French presidential hopeful Marine Le Pen pleaded her innocence at the start of a £5.6million embezzlement trial today saying: ‘We have not violated any rules’.
The 56-year-old far-Right firebrand appeared confident and relaxed at the start of a process that could see her imprisoned for 10 years and banned from standing in elections.
She was on Monday in the dock at the Paris Correctional Court alongside 24 members and staff of her National Rally party in a case focusing on the EU.
All are accused of stealing a total of €6.8million (£5.6million) of European taxpayers’ money by setting up fake jobs in the European Parliament over a period of at least 10 years.
Wearing a light grey duster coat over a black jacket with white top, Ms Le Pen spoke to journalists as she went into the 11th chamber of the Paris Correctional Court, saying: ‘I have confidence in justice. I am here to present our arguments. I am very calm.’
Marie Le Pen pleaded her innocence at the start of a £5.6million embezzlement trial on Monday at the Paris Correctional Court
French far-right Rassemblement National (RN) Member of Parliament Marine Le Pen (C) arrives at a court house for a trial on suspicion of embezzlement of European public funds, in Paris on September 30, 2024
The qualified barrister demanded an acquittal, saying: ‘Parliamentary freedom is at stake.
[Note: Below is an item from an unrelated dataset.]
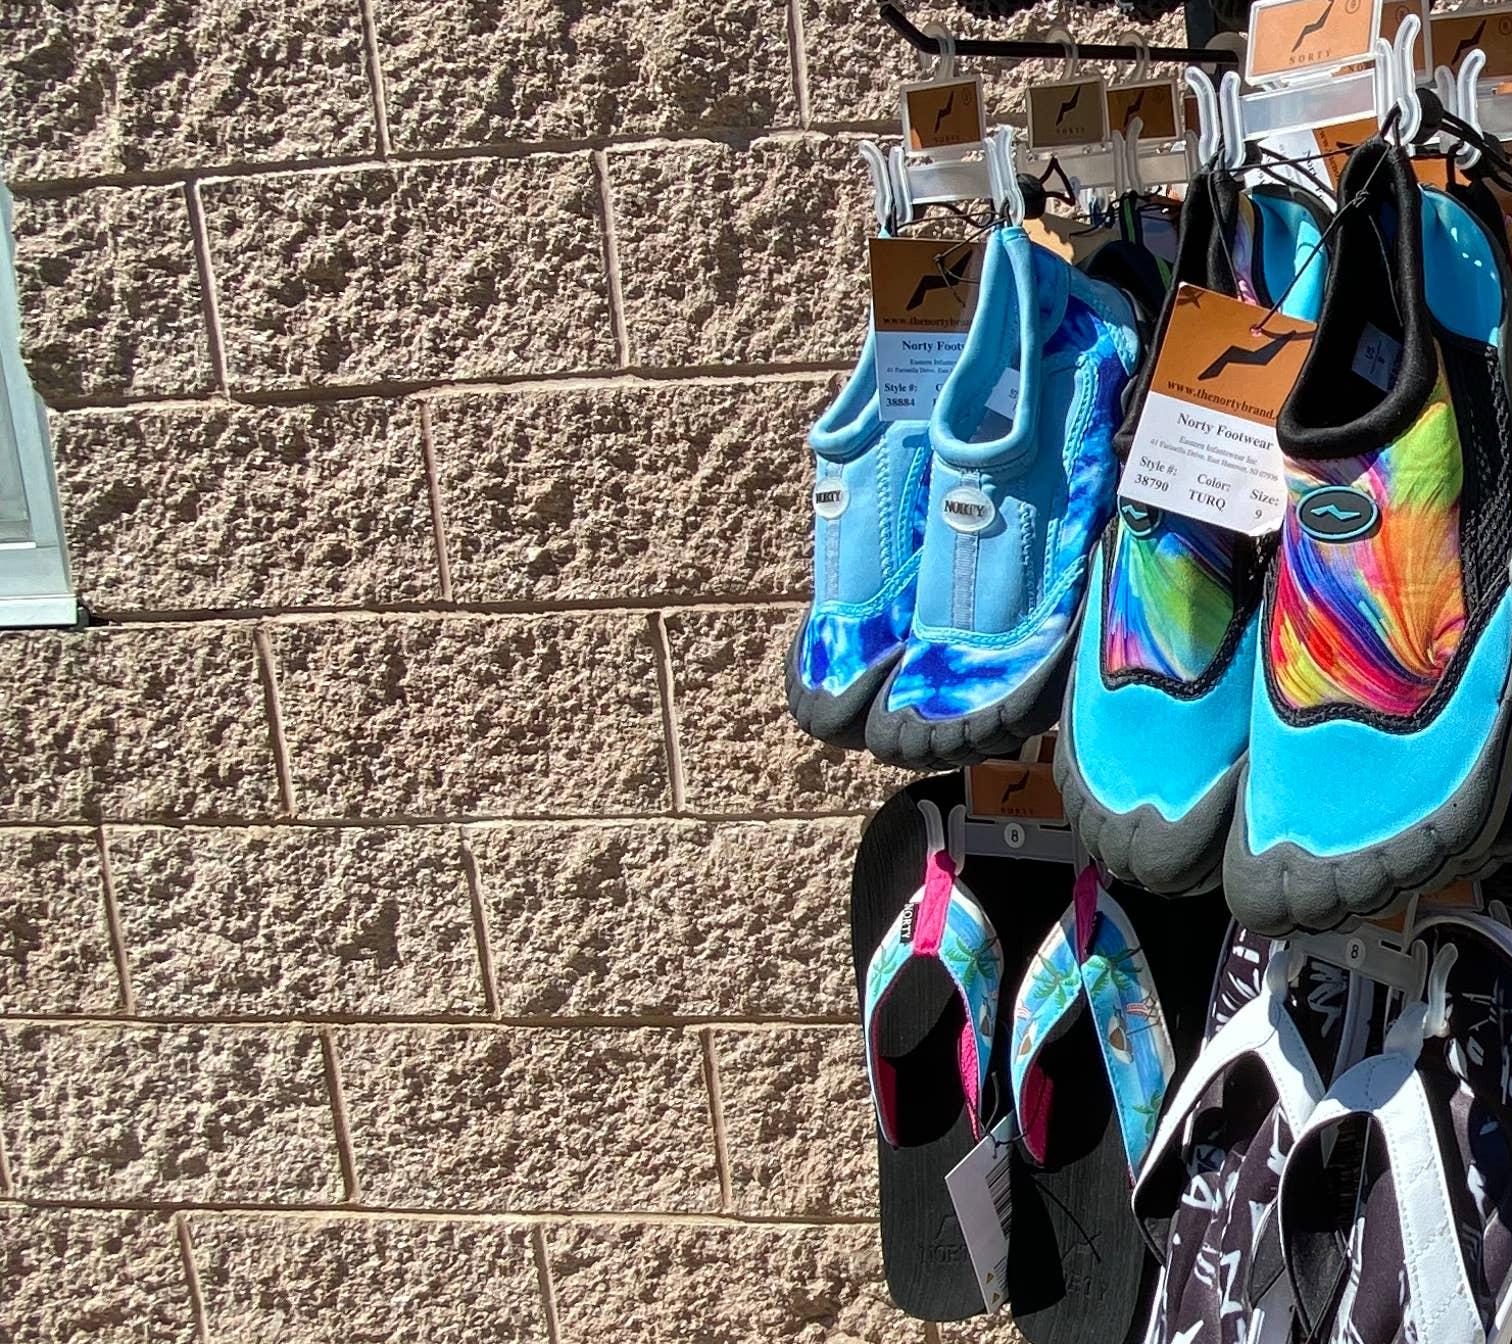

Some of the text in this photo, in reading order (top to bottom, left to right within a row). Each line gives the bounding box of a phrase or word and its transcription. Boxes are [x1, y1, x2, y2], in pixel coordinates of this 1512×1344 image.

We have not violated any rules.’
A prosecution document of at least 160 pages was meanwhile displayed in court – one that includes evidence compiled over the past nine years.
It alleges that a ‘sophisticated billing system’ was set up by Le Pen, an MEP in Brussels from 2004 until 2017, to divert cash into party funds back in Paris.
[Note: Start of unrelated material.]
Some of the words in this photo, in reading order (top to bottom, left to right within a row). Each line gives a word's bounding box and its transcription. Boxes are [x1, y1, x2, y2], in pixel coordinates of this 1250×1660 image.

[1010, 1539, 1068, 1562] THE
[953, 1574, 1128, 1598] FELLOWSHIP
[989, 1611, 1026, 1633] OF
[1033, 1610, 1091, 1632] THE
Those implicated – all of whom deny any wrongdoing – include other leading lights in the Rassemblement National (RN), which was called the Front National (FN) up until 2018.
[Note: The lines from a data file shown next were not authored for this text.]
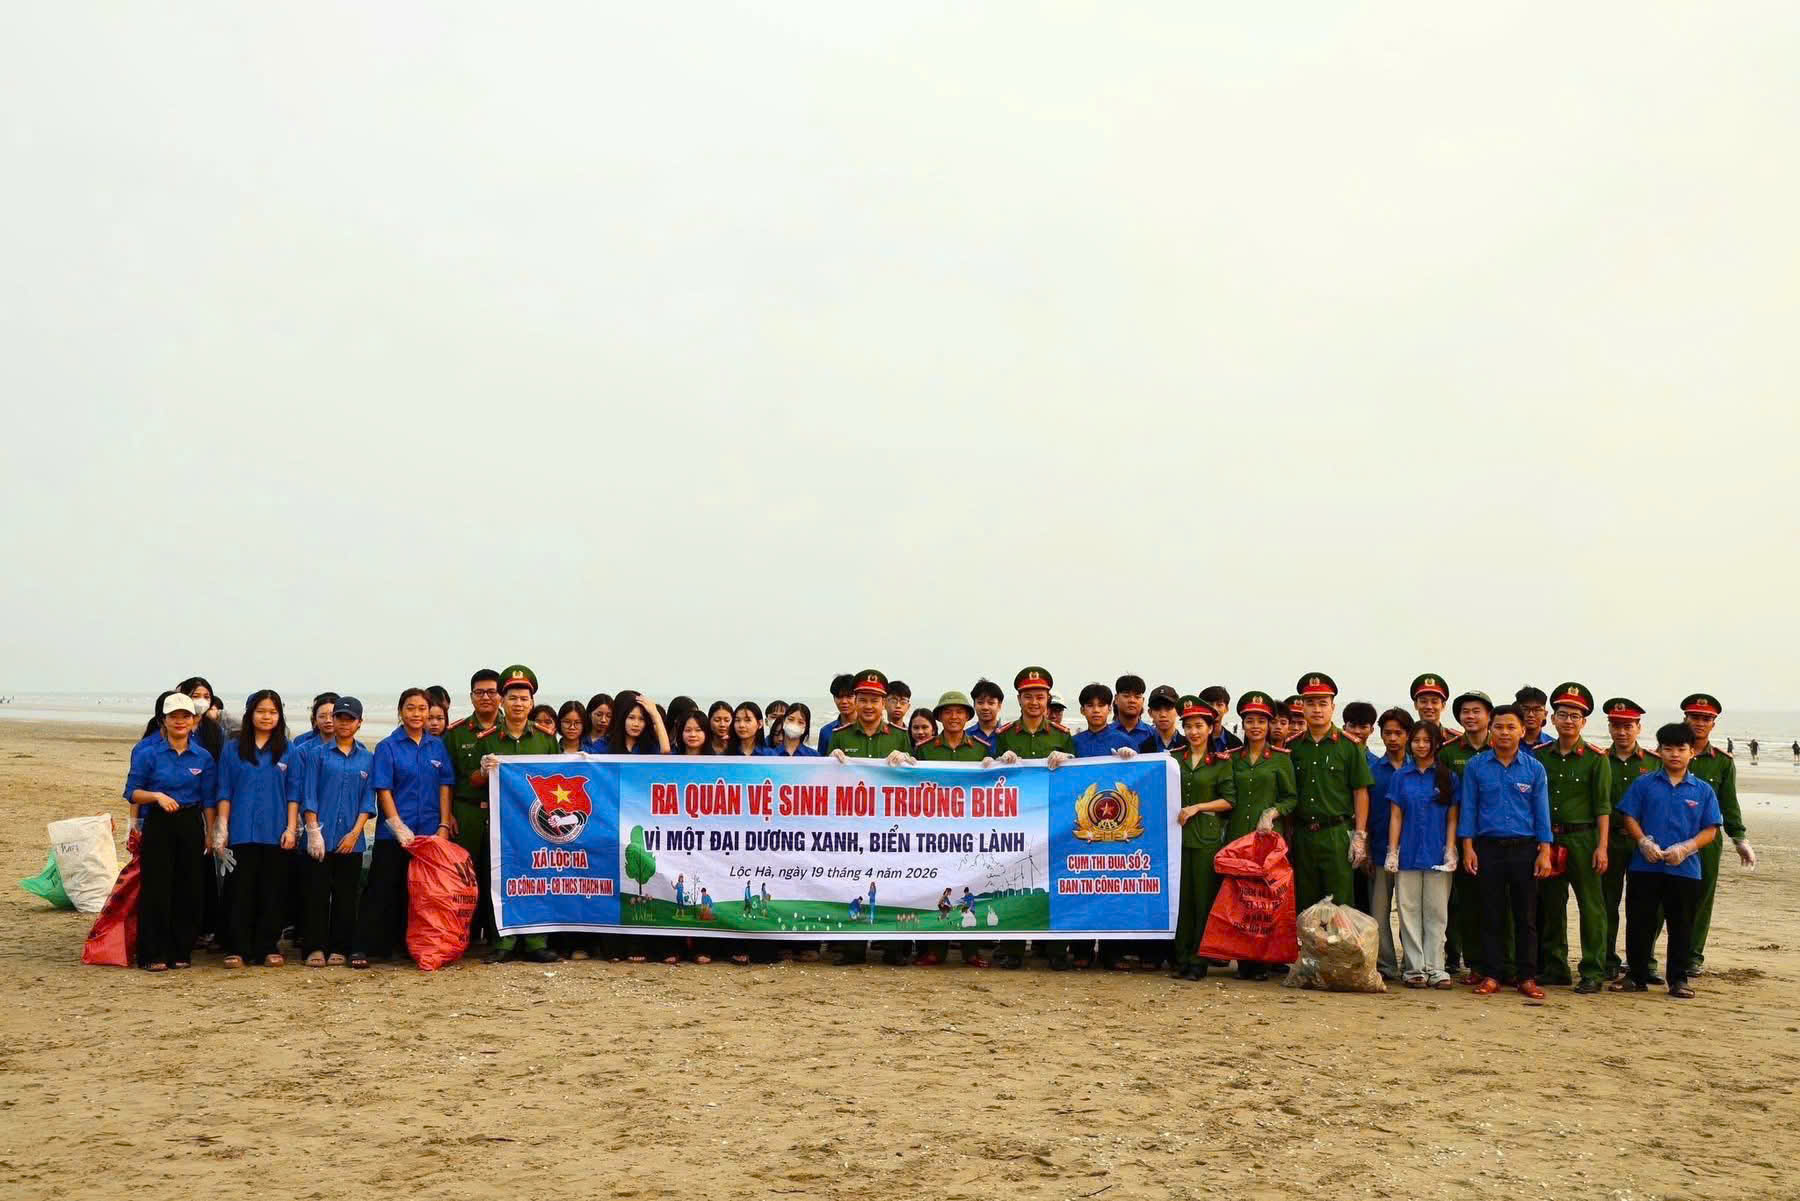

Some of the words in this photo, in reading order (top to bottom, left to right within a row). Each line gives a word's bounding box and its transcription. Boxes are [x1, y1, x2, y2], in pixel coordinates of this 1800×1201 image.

[651, 783, 679, 816] RA
[684, 779, 744, 818] QUÂN
[747, 780, 773, 823] VỆ
[779, 783, 829, 816] SINH
[835, 780, 876, 817] MÔI
[882, 781, 965, 818] TRƯỜNG
[971, 776, 1018, 817] BIỂN
[644, 830, 661, 851] VÌ
[666, 827, 705, 855] MỘT
[710, 830, 739, 855] ĐẠI
[746, 830, 805, 852] DƯƠNG
[811, 832, 863, 854] XANH,
[869, 824, 912, 852] BIỂN
[916, 832, 973, 852] TRONG
[980, 829, 1024, 852] LÀNH
[533, 847, 548, 868] XÃ
[551, 848, 571, 870] LỘC
[573, 849, 588, 868] HÀ
[1067, 855, 1089, 873] CỤM
[1091, 855, 1105, 870] THI
[1108, 855, 1126, 869] ĐUA
[1127, 850, 1142, 869] SỐ
[1143, 855, 1150, 869] 2
[730, 865, 752, 881] Lộc
[755, 866, 775, 879] Hà,
[779, 866, 808, 881] ngày
[811, 867, 824, 877] 19
[827, 867, 862, 881] tháng
[864, 868, 873, 879] 4
[876, 868, 902, 879] năm
[905, 867, 938, 879] 2026
[1058, 879, 1079, 894] BAN
[1080, 879, 1093, 893] TN
[1094, 875, 1120, 893] CÔNG
[1122, 878, 1138, 893] AN
[1138, 873, 1160, 893] TỈNH
[518, 876, 535, 895] CÔNG
[536, 879, 546, 895] AN
[561, 878, 578, 895] THCS
[600, 879, 613, 895] KIM
Its founder is the convicted racist and Holocaust denier Jean-Marie Le Pen, who is also Marine Le Pen’s father.
He was due to appear as a defendant too, but medics said the 96-year-old could stay away because of his ‘deteriorating state of health’.
Embezzlement is a crime punishable in France by ‘up to 10 years in prison’, and penalties also available to judges include ‘one million euros in fines, or double the proceeds of the offence’, said a prosecuting source.
He added that they have also asked ‘for the additional penalty of deprivation of the right to be elected, for a maximum period of five years, or ten years for an elected person or member of the government.’
The trial of Marine Le Pen, 24 other people and the National Rally, suspected of having embezzled funds from the European Parliament to pay party employees, opens on September 30, before the Paris criminal court – a case with serious political stakes for the leader of the far right
Ms Le Pen is currently one of 126 RN MPs, so if she were to be convicted, she would be ruled out of the 2027 presidential election, despite currently being a favourite to win.
The investigation into RN fraud began in March 2015, when the European Parliament announced that it had referred possible irregularities to the EU anti-fraud office.
It mainly concerned salaries paid to parliamentary assistants, and even to Jean-Marie Le Pen’s bodyguard.
Ms Le Pen was in 2022 runner up to Emmanuel Macron in the race to become president of France, after a similar result in 2017.
Party founder Jean-Marie Le Pen in turn came second to Jacques Chirac in the presidential election of 2002.
Mr Le Pen has already been convicted in a criminal court, notably for spreading racial hatred, for Holocaust denial, and for other racist crimes.
Earlier this year, the RN did so well in European elections that President Macron called snap domestic parliamentary elections.
It led to the RN saying they were preparing for government, with party leader Jordan Bardella set to become prime minister.
Mr Bardella is a former EU parliamentary assistant for the RN, but is not implicated in the current trial.
In fact, the RN was beaten into third place in the election by the left-wing New Popular Front (NPF), and by Mr Macron’s Renaissance party.
Mr Macron then appointed former Brexit negotiator Michel Barnier as prime minister, and he does not have a single RN or NPF minister in his government.
The RN embezzlement trial is scheduled to run for three afternoons a week until November 27.